Prens Bars'ın sözü ile Kral Tan, "Oğlum öldü benim. Sizin laf dalaşınızı çekemem. Herkes dağılsın." dedi.

Onu dinleyerek odadan çıkıyordum ki Kral Tan, "Asker!" dedi.

Burada Amiral harici tek asker bendim.

Ona döktüm.

"Kıyafetlerin nerede?"

Sırıtmamalıydım.

Sırıtmak istiyordum.

Hayır, yapmadım.

Ona açıklama yapacaktım ki Prens Bars, "Benim odamda." dedi.

"Ne dedin sen?"

"İlge'nin kıyafetleri odamda. Şahsen çıkardım."

"Ya bu kadının ya da kendinin kim olduğunu unutuyorsun." diyen Kral Tan ile Prens, "Her ikisinin de farkındayım." dedi.

"Öyleyse dikkatli ol.
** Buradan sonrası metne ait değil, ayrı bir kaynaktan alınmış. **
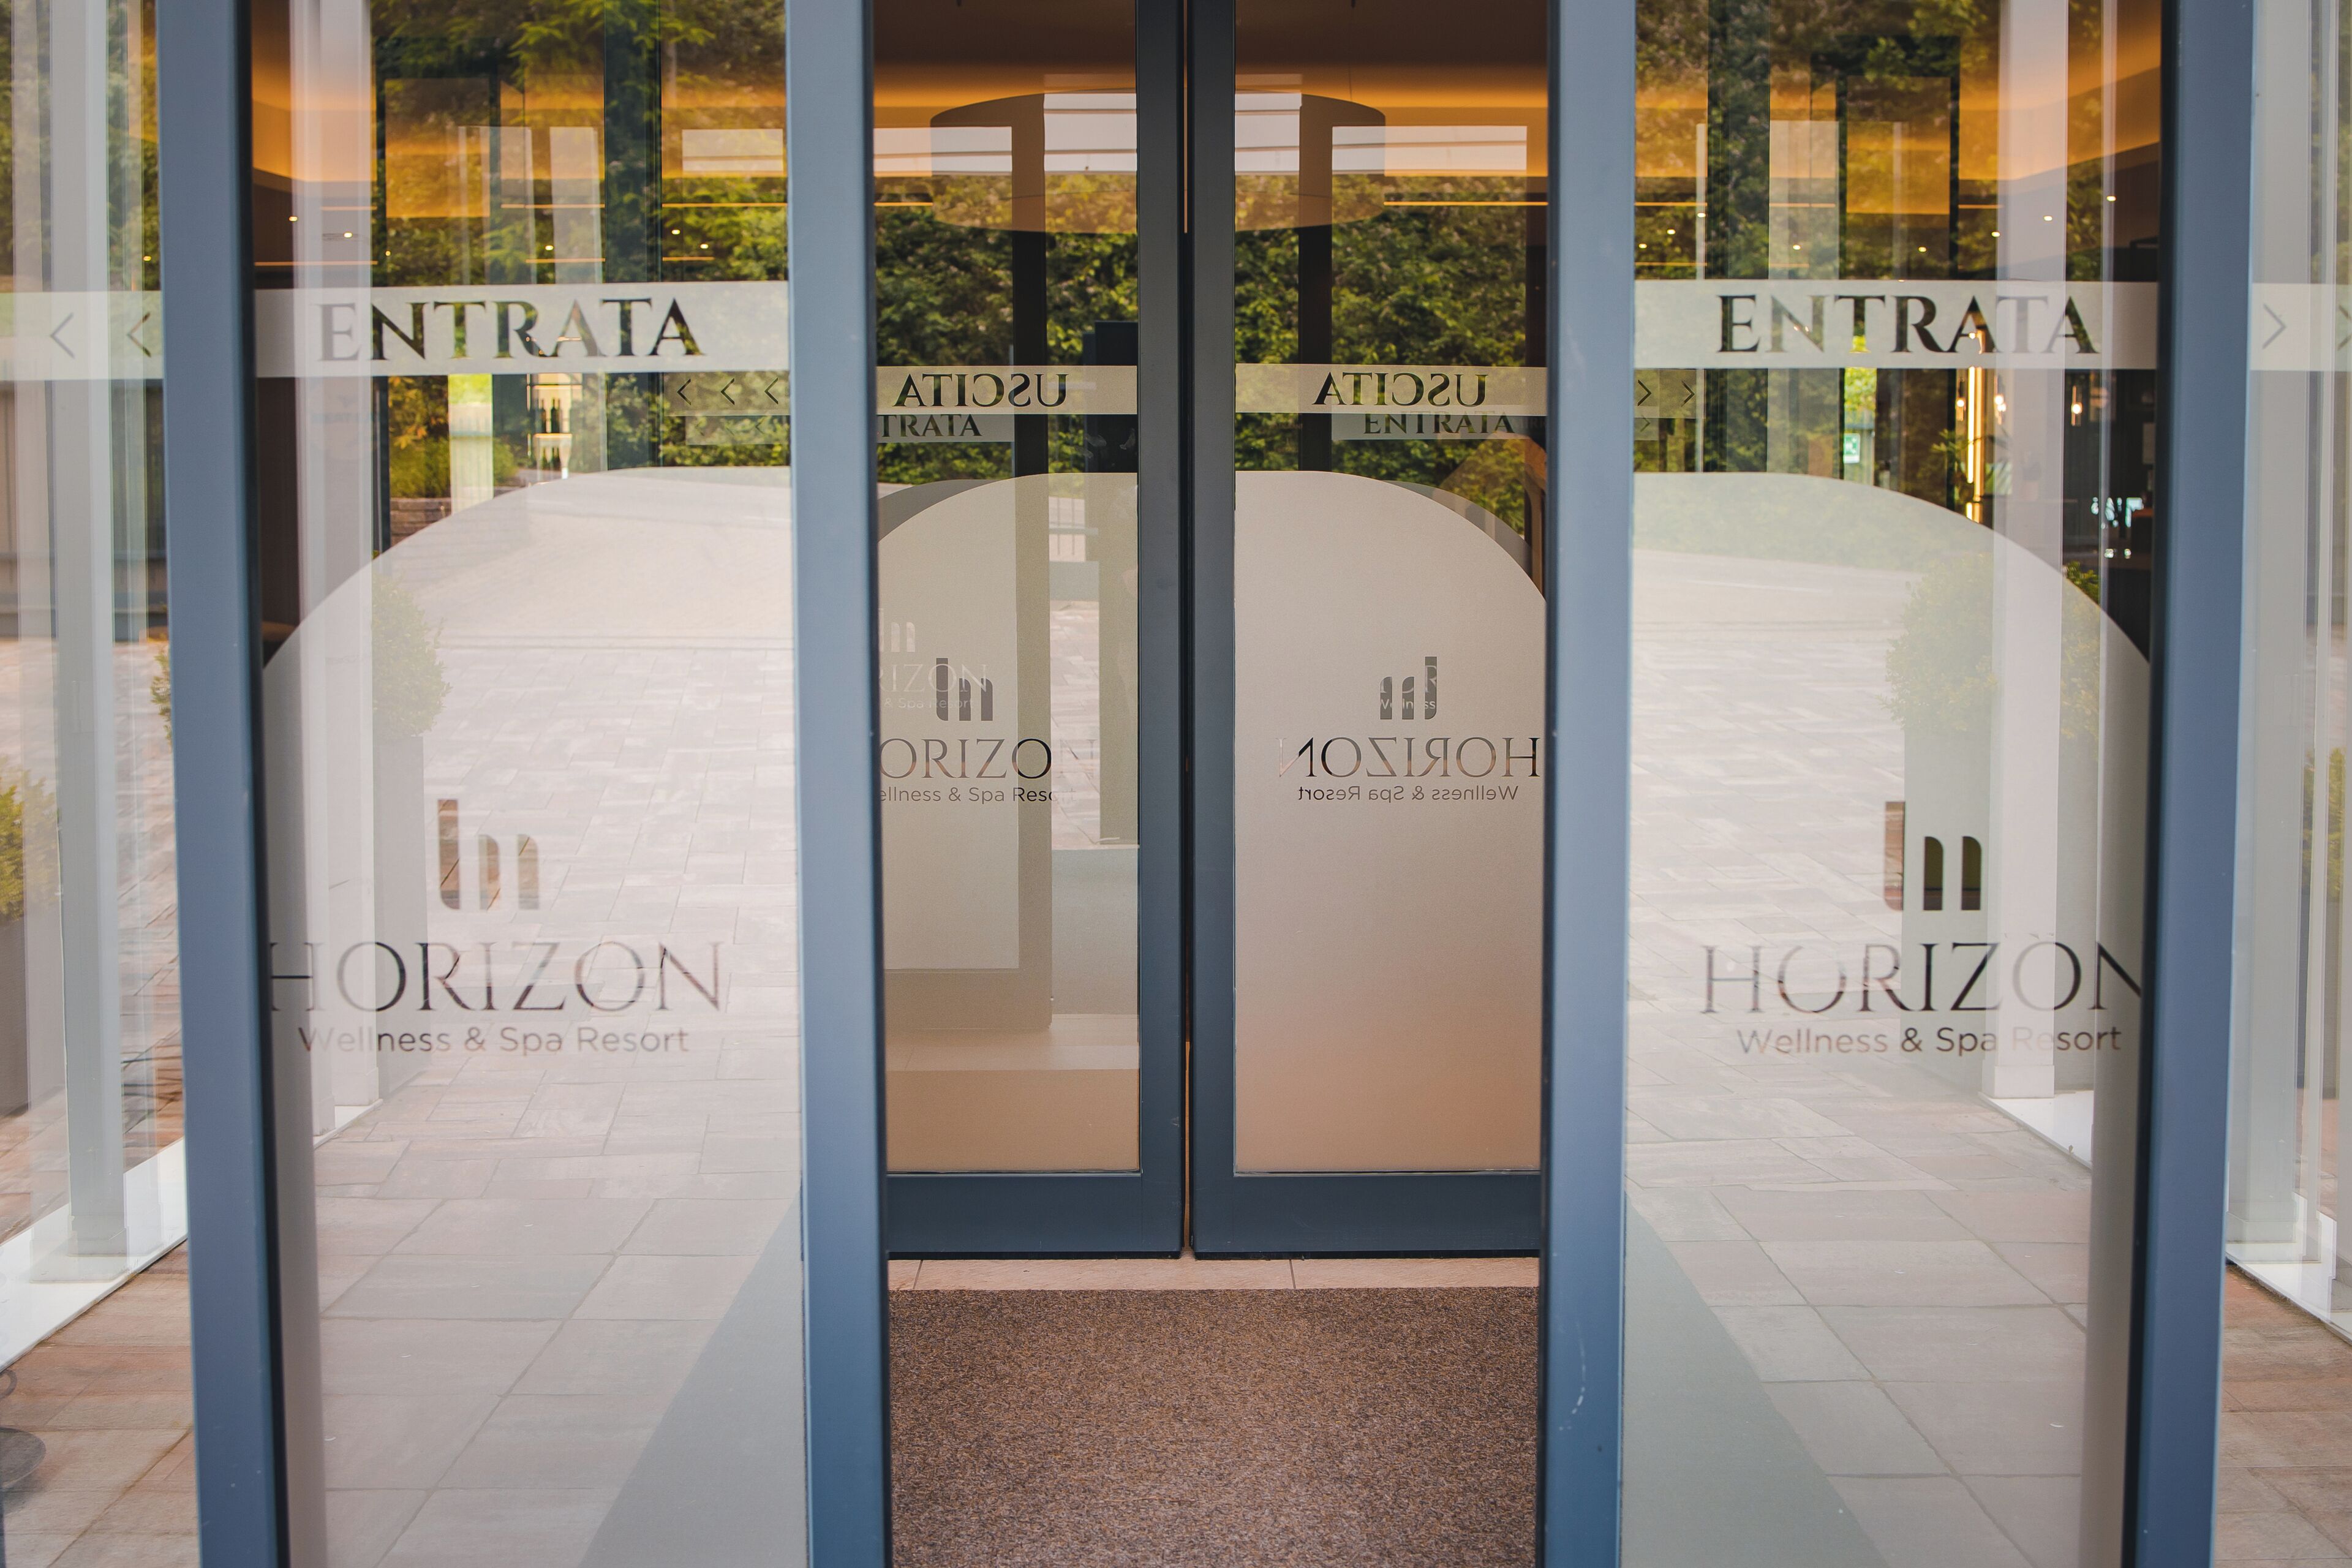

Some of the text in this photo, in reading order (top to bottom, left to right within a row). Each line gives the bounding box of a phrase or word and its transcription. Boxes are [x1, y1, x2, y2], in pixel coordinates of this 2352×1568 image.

[317, 298, 707, 361] ENTRATA
[1717, 295, 2100, 354] ENTRATA
[1363, 411, 1516, 434] ENTRATA
[949, 787, 961, 802] &
[969, 787, 1004, 804] Spa
[271, 941, 724, 1012] HORIZON
[1701, 941, 2142, 1013] HORIZON
[298, 1026, 690, 1056] Wellness & Spa Resort
[1737, 1026, 2122, 1057] Wellness & Spa Resort
Oğlumdan sonra senin de öldürülmeni istemem."

Beni mi suçluyordu?

Prens Bars, sadece bana göz ucuyla baktı ve "Hadi İlge." dedi.
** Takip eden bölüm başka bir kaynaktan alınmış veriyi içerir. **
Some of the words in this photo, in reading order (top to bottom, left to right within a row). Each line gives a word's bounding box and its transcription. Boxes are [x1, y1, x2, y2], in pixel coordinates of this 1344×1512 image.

Onun arkasından odadan çıkınca yavaşça ona sokuldum.

"Eserimi nasıl buldun?"

"Kızım sen... Ah..."

"Ben ne?"

"Muhteşemsin."

Gülümseyerek ona baktım.

"Gerçekten mi?"

Ellerini belime yerleştirirken "İçinde, yerinde duramayan o vahşi kanı seviyorum." diye fısıldadı.
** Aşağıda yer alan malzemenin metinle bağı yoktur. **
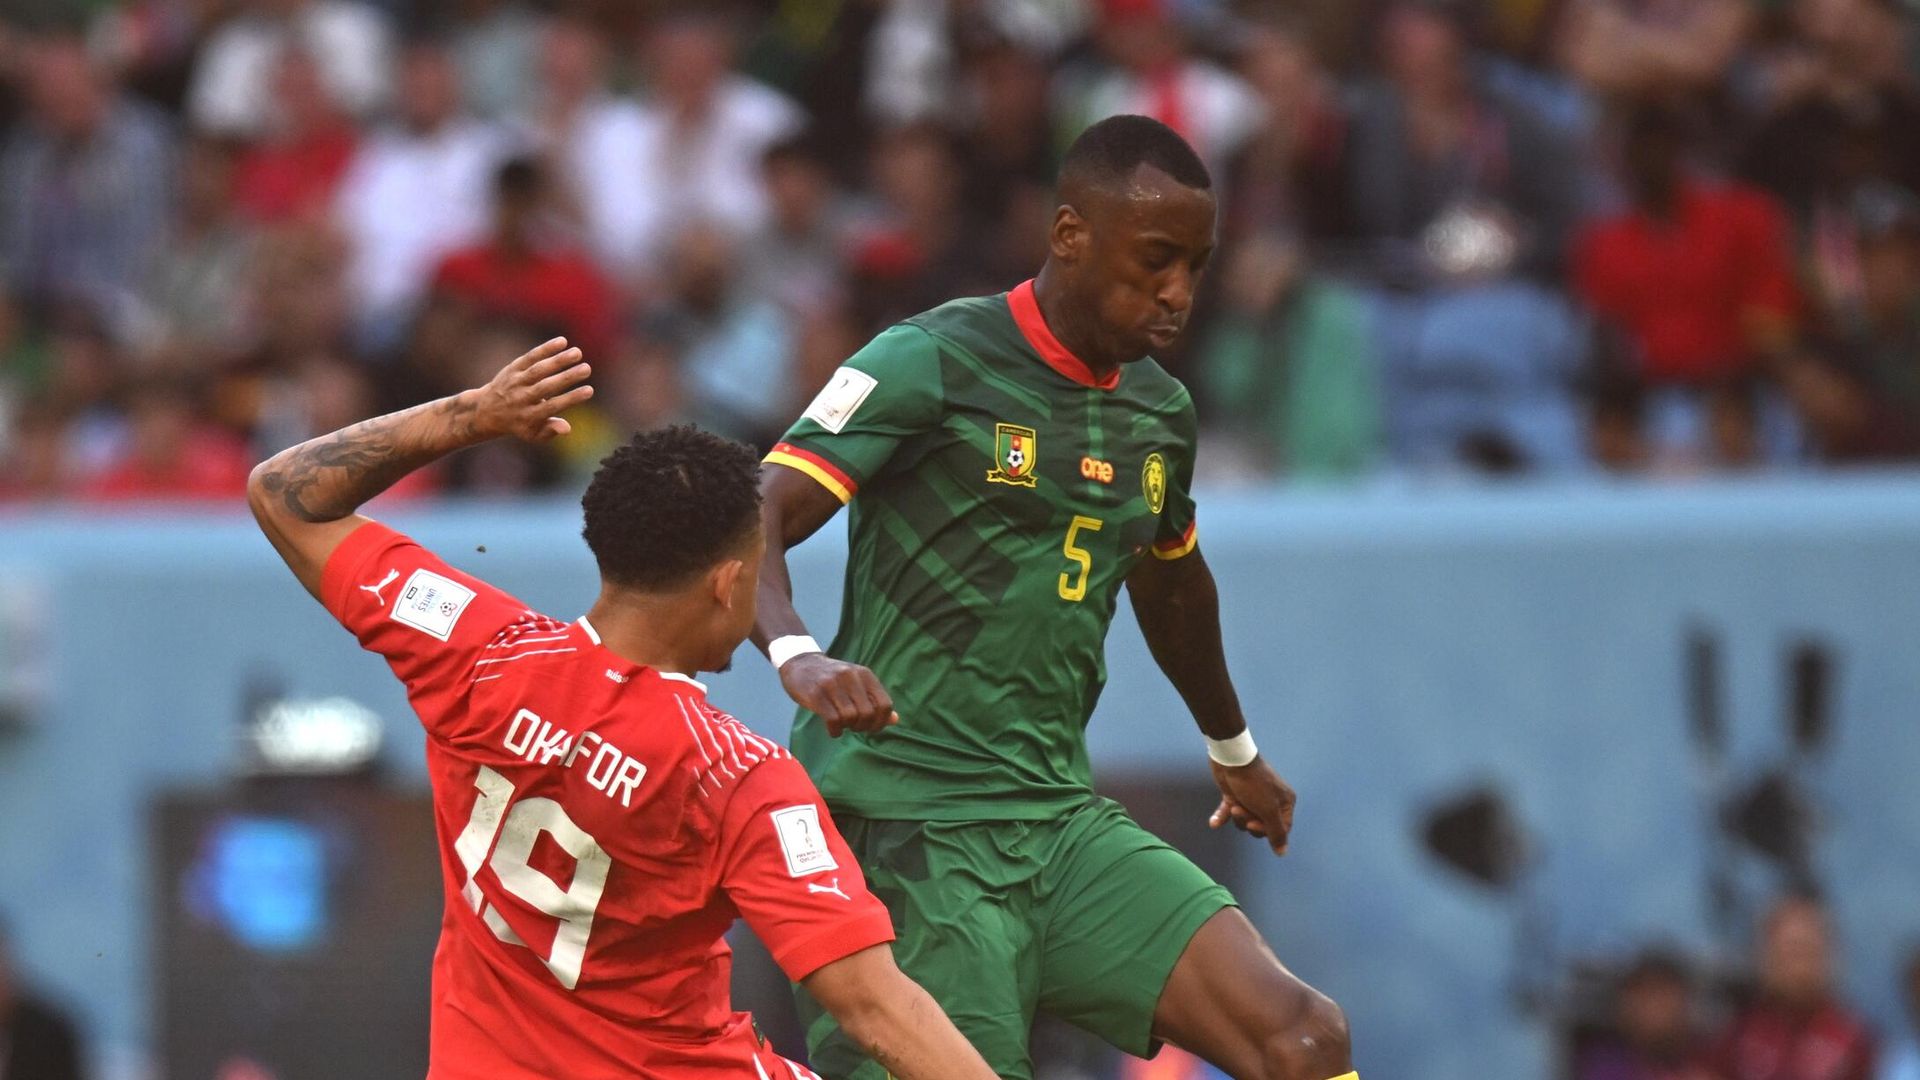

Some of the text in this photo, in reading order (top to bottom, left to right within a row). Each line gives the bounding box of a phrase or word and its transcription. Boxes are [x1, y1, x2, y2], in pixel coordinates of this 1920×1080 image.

[1081, 457, 1114, 483] one
[417, 588, 437, 612] UNITES
[1058, 515, 1103, 601] 5
[503, 708, 647, 807] OKAFOR
[454, 765, 612, 990] 19
"Bunlar daha hiçbir şey. Sen benim yanımda yer al, bana sahip çık. Sana her türlü zevki yaşatırım."

Dediklerim hoşuna gidiyordu.

En sonunda ya bana itaat edecekti ya da onu da gebertip her şeylerine sahip olacaktım.

Kimsenin yardımına muhtaç kalmadan, kimsenin tehdidi ile uğraşmadan...

"Ödülümü vermeyecek misin?" diye fısıldadım.

Bana doğru eğildiğinde gözlerinin içine baktım.

Gözleri ile dudaklarımı inceliyordu.

İstiyordu.

Belli ediyordu istediğini.

Ama yapmayacaktı...

Boynuma bir öpücük kondurduktan sonra kulağıma fısıldayarak "Yarın birçok asker elensin diye parkurda yarıçacaksınız. Bu parkurda ilk final çizgisine ulaşan sayılı asker yarışlara devam edecek." dedi.

"Önerin ne Prens?"

"Ağır olmayan ama dışarıdan gelecek hafif darbelerden seni koruyabilecek şeyler giy ve yanında mutlaka bir bıçak taşı "

"Emriniz olur."

"Kral Tan, oğlunun ölümünden dolayı daha çok korkacak. Bu yarışları en kısa sürede bitirmek isteyebilir. Her an her türlü test ile karşına çıkabilir."

Onu başımla onayladım.

"Şimdi çok göze batmadan odana dön, yarın sabah görüşemezsek başarılar."

"Başarı öpücüğü vermedin fakat yarın ödül olarak alırım bir öpücük."

Sözlerime güldüğünde "Görüşürüz Prens." dedim ve yürümeye başladım.

"Görüşürüz İlge."

Tebessüm ettim.

Amiral da iddiayı kaybetmişti.

Yarın onunla da çok güzel bir işim vardı.

İddiadaki ödülümü almam gerekiyordu.